Histórias e Lendas Divinas (Passatempos Divinos)
A Descida da Gaṅgā e o Tapasya de Bhagiratha
No Ramayana e Puranas, o rei Sagara realizou ashvamedha yajna, mas Indra roubou o cavalo. Seus 60.000 filhos procuraram-no, perturbaram o sábio Kapila em meditação e foram reduzidos a cinzas. Gerações depois, Bhagiratha (da linhagem solar) realizou tapasya rigorosa para trazer a Gaṅgā do céu e purificar as cinzas ancestrais. Brahma concedeu, mas alertou que a força da torrente destruiria a Terra. Bhagiratha meditou mais, agradando Shiva, que reteve as águas celestiais em suas jatas (alakas) por mil anos divinos, liberando-as suavemente como sete correntes (incluindo Bhagirathi). A Gaṅgā seguiu Bhagiratha, purificou os ancestrais e tornou-se mãe da humanidade, fluindo da cabeça de Shiva como símbolo de controle divino sobre forças caóticas.

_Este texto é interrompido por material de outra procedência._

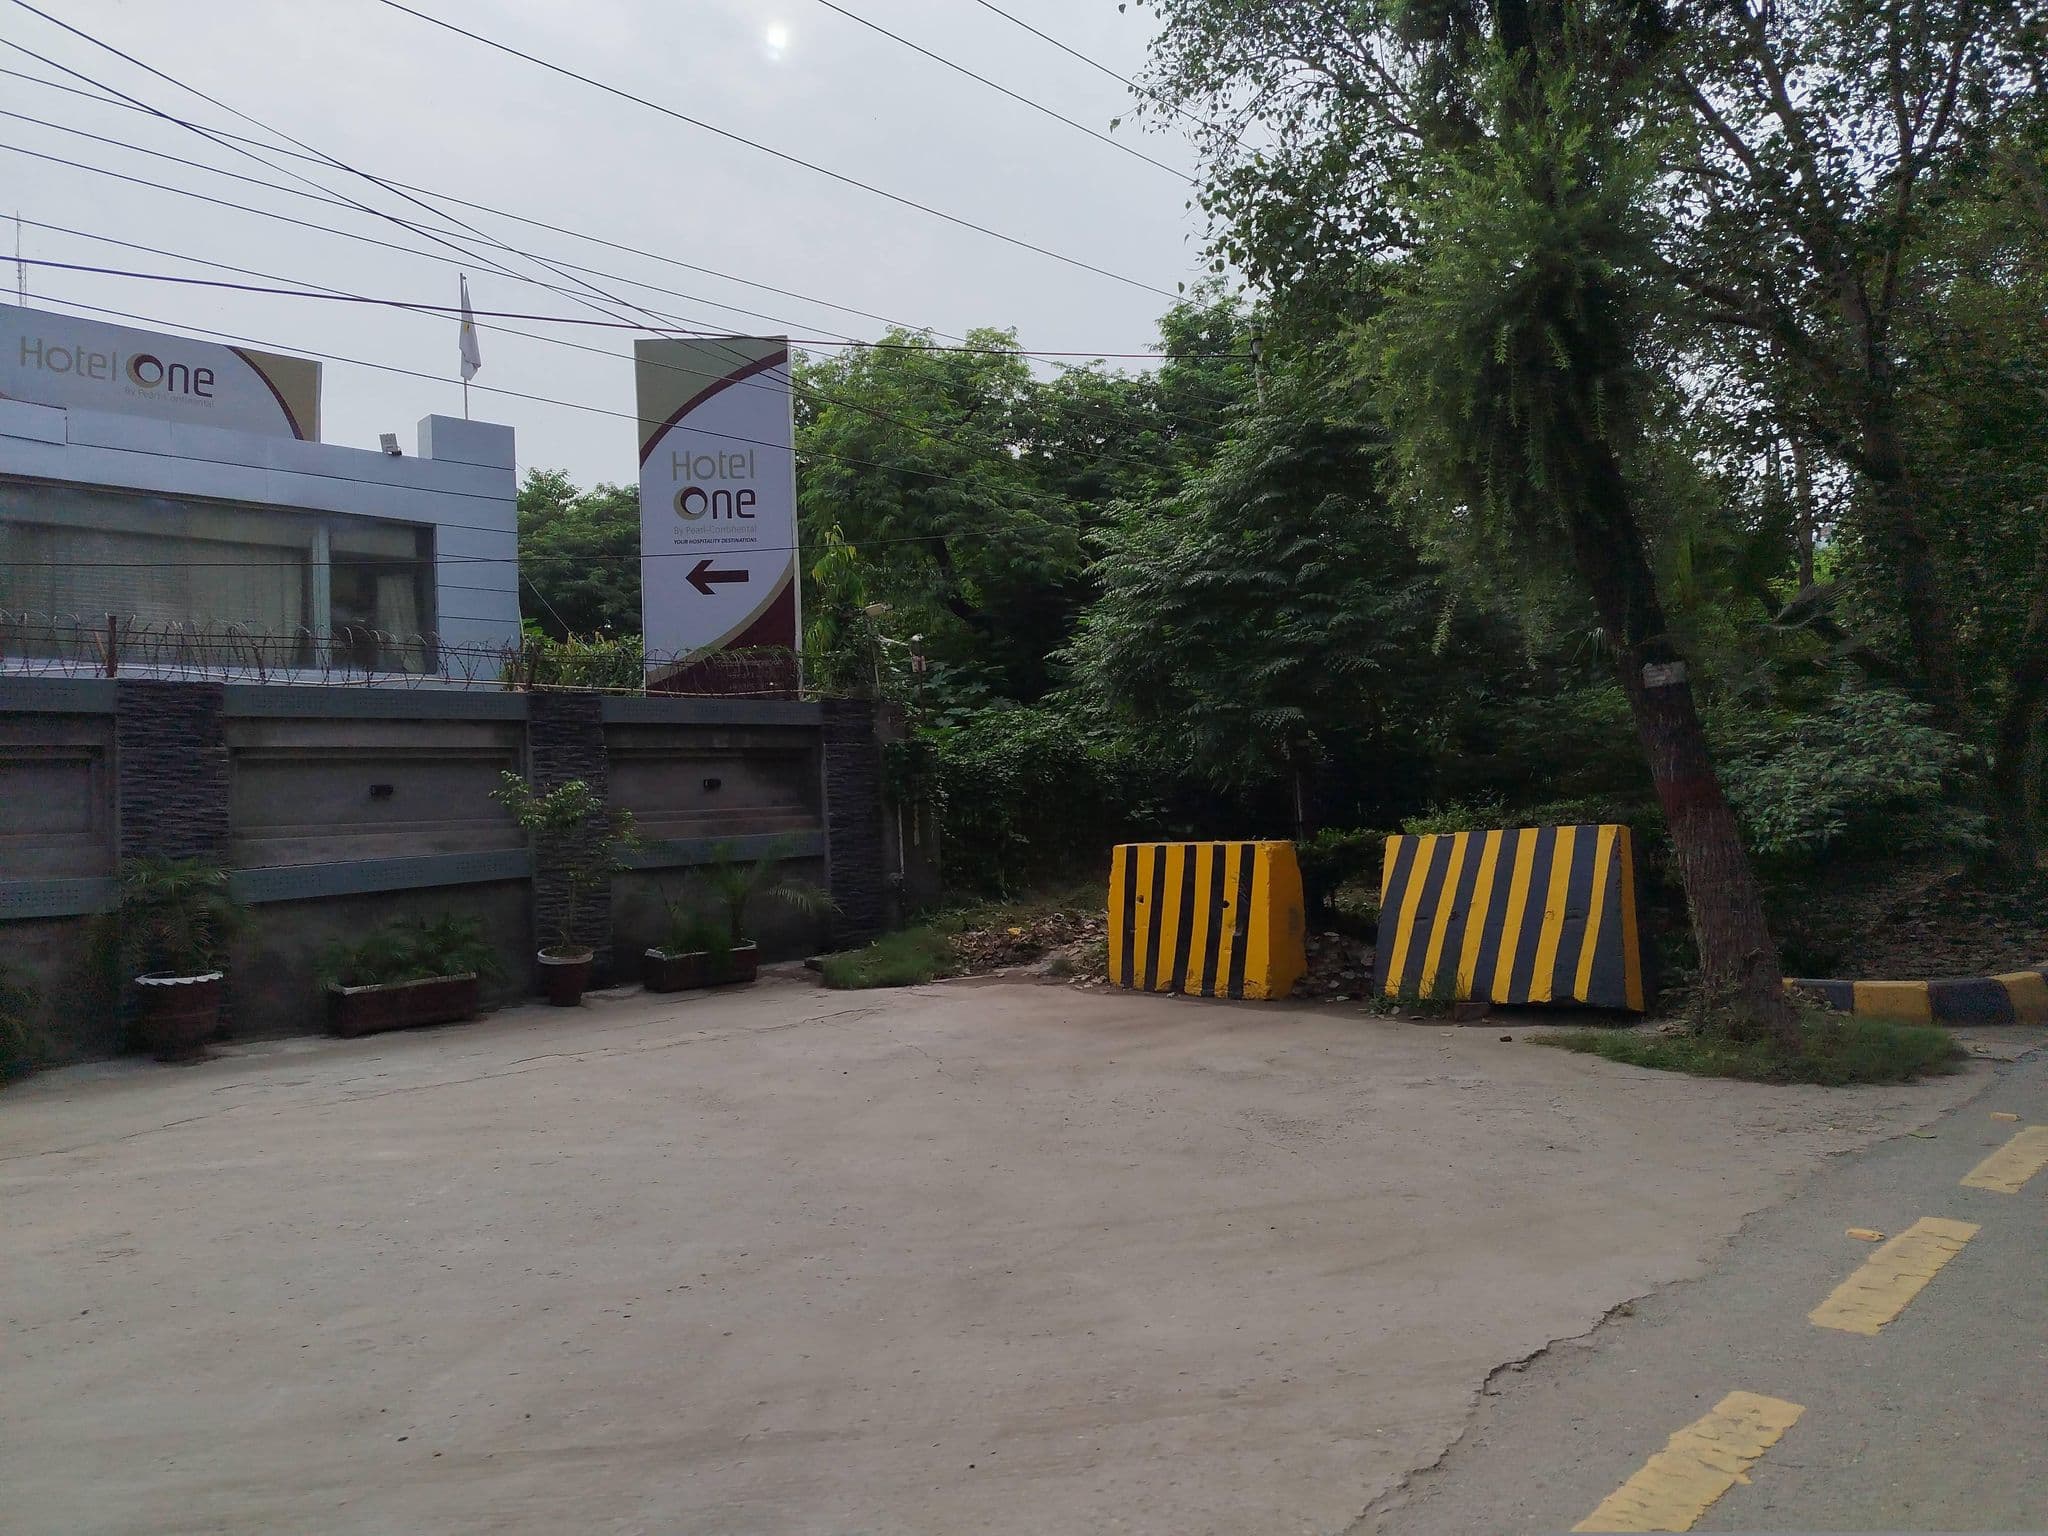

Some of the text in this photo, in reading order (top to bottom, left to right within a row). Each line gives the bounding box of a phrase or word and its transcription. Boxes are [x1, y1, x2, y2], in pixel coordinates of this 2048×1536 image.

[19, 334, 215, 398] Hotel One
[672, 448, 754, 481] Hotel
[673, 486, 756, 521] One
[673, 526, 684, 537] By

Origem nos Pés de Vishnu e Conexões com a Trindade
Em outra lenda (Vamana avatar de Vishnu), Brahma lavou os pés de Vishnu com água celestial, que se tornou Gaṅgā no céu (Mandakini). Ela desceu à Terra por Bhagiratha. A Gaṅgā flui dos três mundos (Swarga, Prithvi, Patala), simbolizando unidade cósmica. Em Varanasi, é vista como libertadora final; em Prayagraj (Triveni Sangam com Yamuna e Saraswati invisível), representa união divina. Festivais como Ganga Dussehra celebram sua descida, e Kumbh Mela (maior reunião religiosa do mundo) atrai milhões para banhos purificadores em Haridwar, Prayagraj, etc.
Simbolismo e Peregrinação
A Gaṅgā representa pureza imaculada, misericórdia materna, fluxo da vida e libertação do ciclo de samsara. Ensina humildade, gratidão, presença e conexão com o divino — mesmo uma gota lava pecados. Seus ghats são locais de sadhana, aarti, meditação e rituais finais (cremação em Varanasi para moksha). Peregrinos do Kumbh Mela, Gangotri e Varanasi buscam bênçãos de Ganga Mata, Shiva, Vishnu e Brahma. Como símbolo eterno de renovação espiritual, inspira devoção bhakti e equilíbrio ecológico. Hoje, enfrenta desafios como poluição, mas permanece o coração pulsante da espiritualidade hindu e testemunha viva da graça divina.